## BRIEF
The entries are to be returned exactly, with images left out.

## DATASET CONTENT
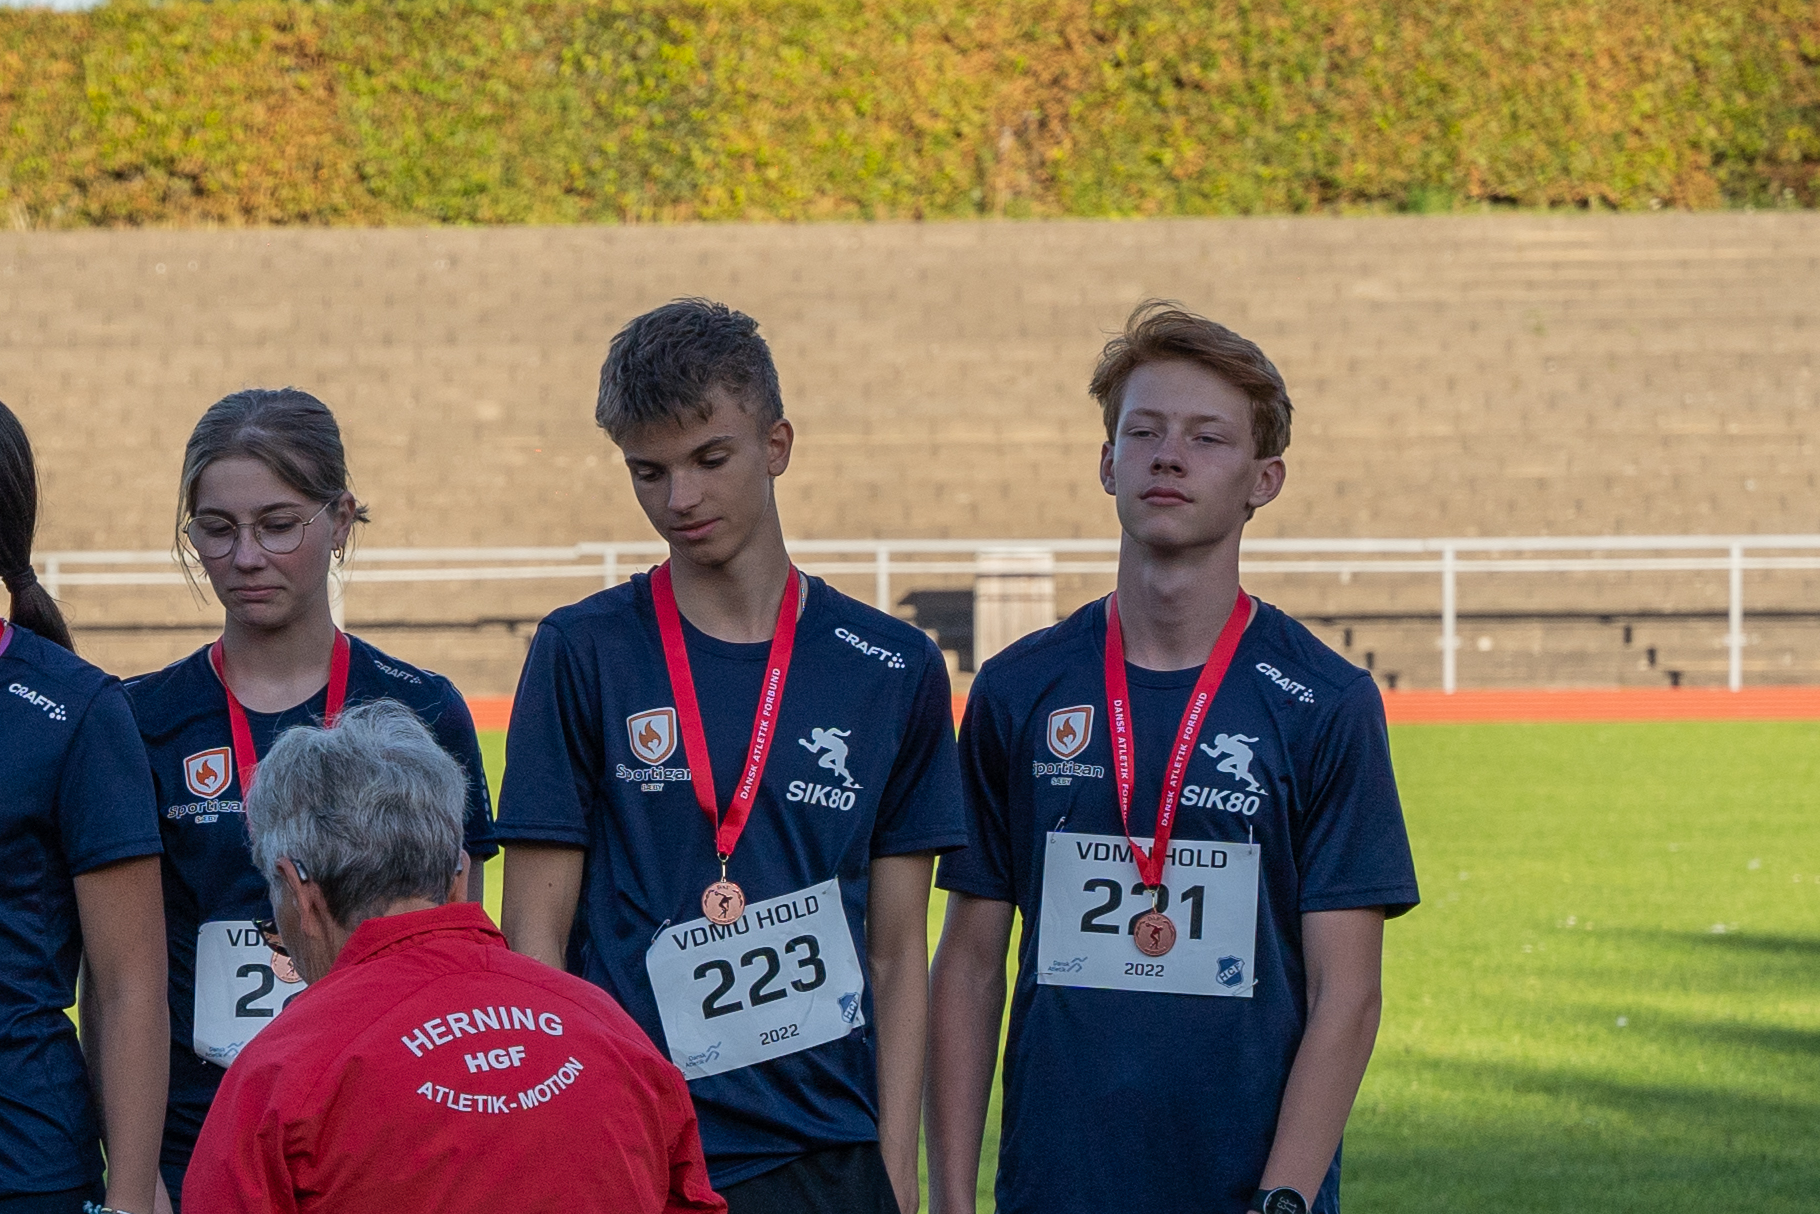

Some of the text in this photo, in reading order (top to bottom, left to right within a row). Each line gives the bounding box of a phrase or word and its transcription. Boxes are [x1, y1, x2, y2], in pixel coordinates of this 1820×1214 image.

[834, 627, 893, 661] CRAFT
[373, 659, 413, 682] CRAFT
[1255, 661, 1306, 696] CRAFT
[7, 682, 56, 713] CRAFT
[1113, 699, 1126, 734] DANSK
[740, 667, 781, 800] DANSK ATLETIK FORBUND
[1117, 736, 1129, 780] ATLETIK
[1160, 691, 1208, 827] DANSK ATLETIK FORBUND
[166, 798, 246, 819] Sportiga
[786, 780, 856, 811] SIK80
[1180, 784, 1261, 816] SIK80
[1076, 841, 1154, 863] VDM
[672, 895, 820, 951] VDMU HOLD
[1080, 877, 1206, 941] 221
[226, 928, 269, 947] VD
[693, 934, 827, 1020] 223
[1123, 962, 1165, 978] 2022
[401, 1006, 564, 1058] HERNING
[759, 1023, 800, 1046] 2022
[464, 1045, 526, 1074] HGF

## SOLUTION TO THIS TASK
Some of the text in this photo, in reading order (top to bottom, left to right within a row). Each line gives the bounding box of a phrase or word and its transcription. Boxes are [x1, y1, x2, y2], in pixel coordinates of this 1820×1214 image.

[834, 627, 893, 661] CRAFT
[373, 659, 413, 682] CRAFT
[1255, 661, 1306, 696] CRAFT
[7, 682, 56, 713] CRAFT
[1113, 699, 1126, 734] DANSK
[740, 667, 781, 800] DANSK ATLETIK FORBUND
[1117, 736, 1129, 780] ATLETIK
[1160, 691, 1208, 827] DANSK ATLETIK FORBUND
[166, 798, 246, 819] Sportiga
[786, 780, 856, 811] SIK80
[1180, 784, 1261, 816] SIK80
[1076, 841, 1154, 863] VDM
[672, 895, 820, 951] VDMU HOLD
[1080, 877, 1206, 941] 221
[226, 928, 269, 947] VD
[693, 934, 827, 1020] 223
[1123, 962, 1165, 978] 2022
[401, 1006, 564, 1058] HERNING
[759, 1023, 800, 1046] 2022
[464, 1045, 526, 1074] HGF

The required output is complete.